(RECORDED INFORMATION Opens)

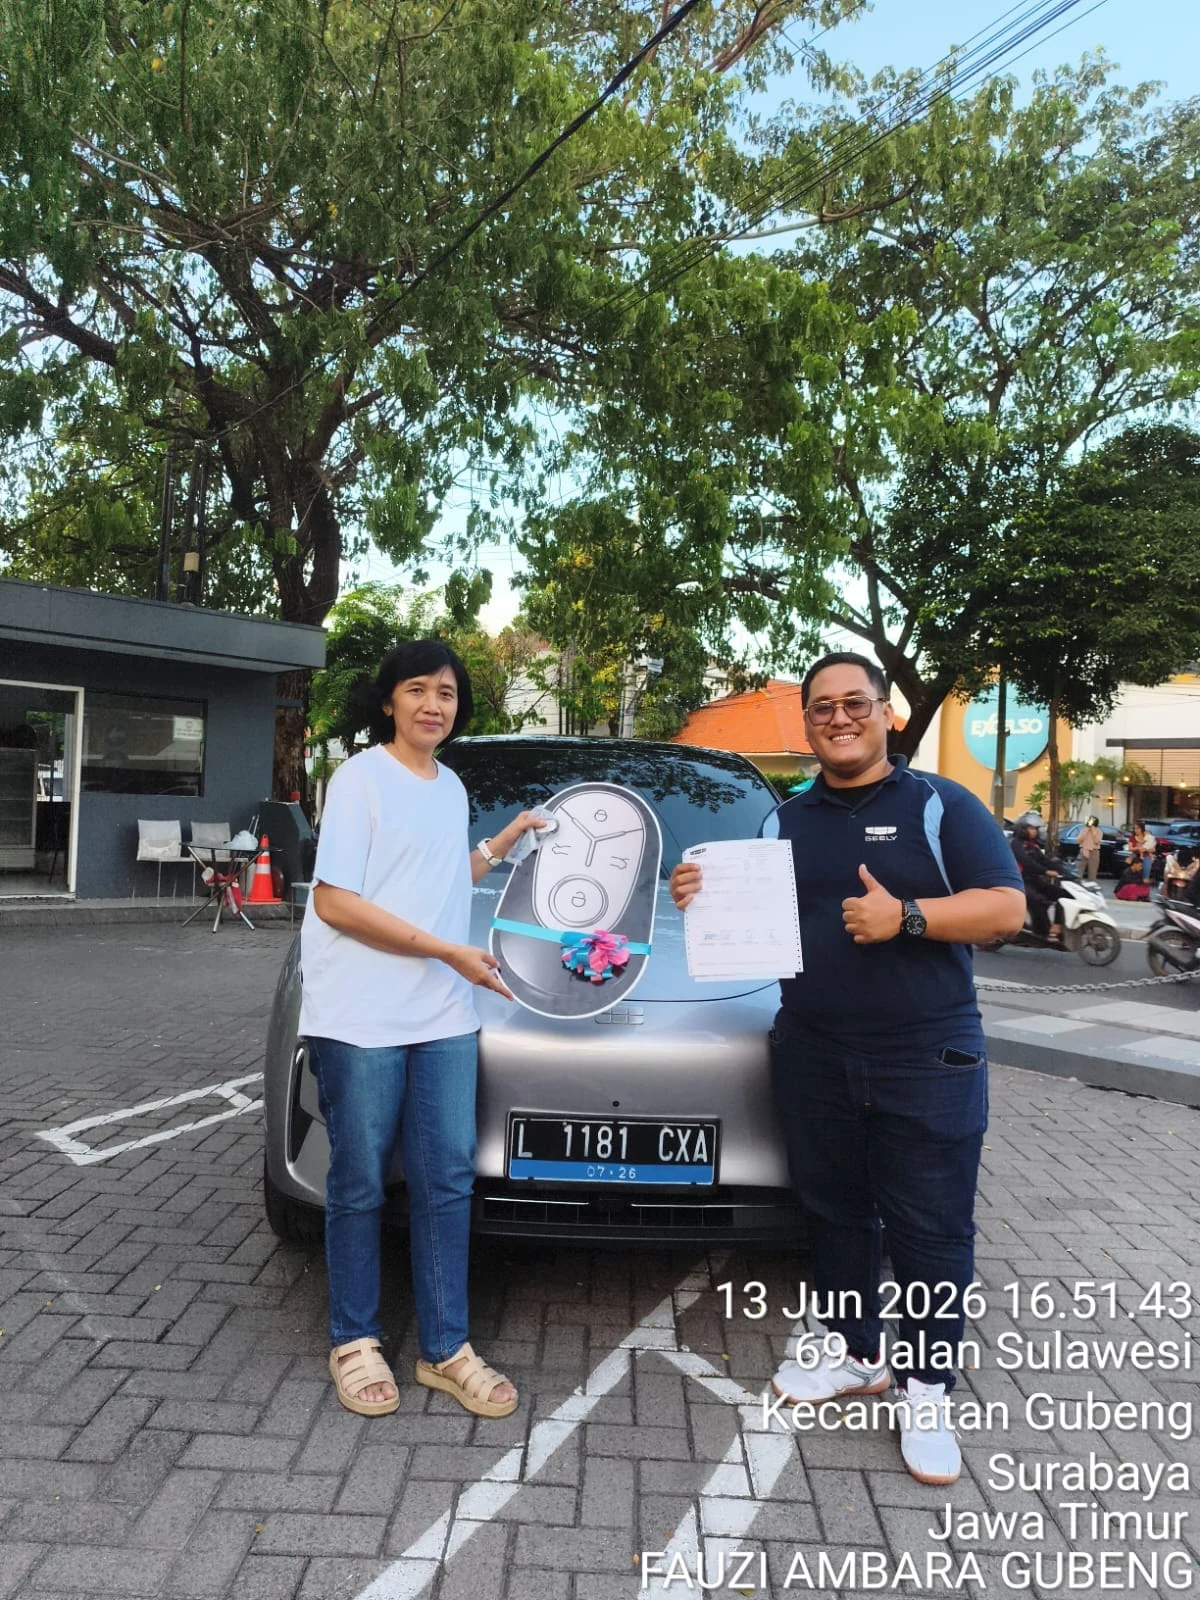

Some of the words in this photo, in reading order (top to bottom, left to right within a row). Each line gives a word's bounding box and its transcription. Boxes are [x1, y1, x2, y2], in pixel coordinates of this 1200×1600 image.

[518, 1124, 533, 1158] L
[563, 1125, 628, 1159] 1181
[658, 1127, 708, 1163] CXA
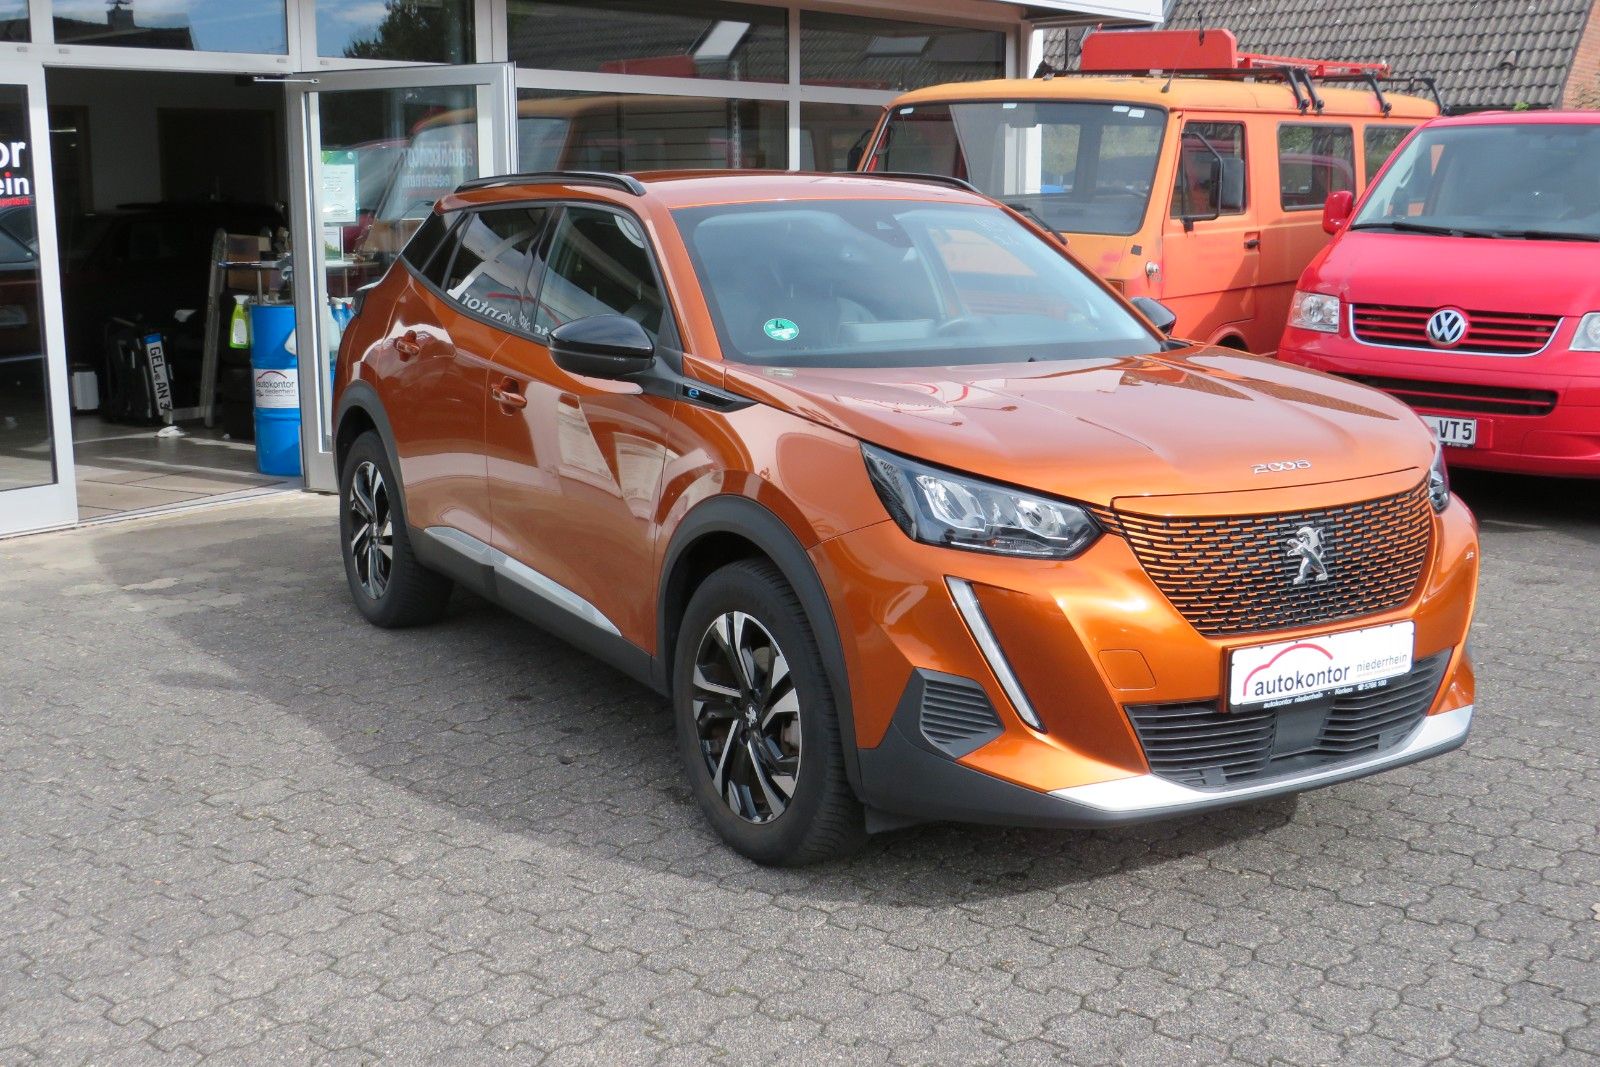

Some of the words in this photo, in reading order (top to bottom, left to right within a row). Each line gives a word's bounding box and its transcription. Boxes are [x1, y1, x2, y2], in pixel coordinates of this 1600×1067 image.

[149, 346, 164, 373] GEL
[155, 382, 169, 400] AN
[1250, 460, 1312, 475] 2008
[1255, 666, 1350, 696] autokontor
[1356, 652, 1408, 672] niederrhein

(RECORDED INFORMATION Closes)

TASK INSTRUCTIONS: Above are the records; copy exactly the lines from the one with "this 1600×1067 image." through the final line.

EXPECTED ANSWER:
Some of the words in this photo, in reading order (top to bottom, left to right within a row). Each line gives a word's bounding box and its transcription. Boxes are [x1, y1, x2, y2], in pixel coordinates of this 1600×1067 image.

[149, 346, 164, 373] GEL
[155, 382, 169, 400] AN
[1250, 460, 1312, 475] 2008
[1255, 666, 1350, 696] autokontor
[1356, 652, 1408, 672] niederrhein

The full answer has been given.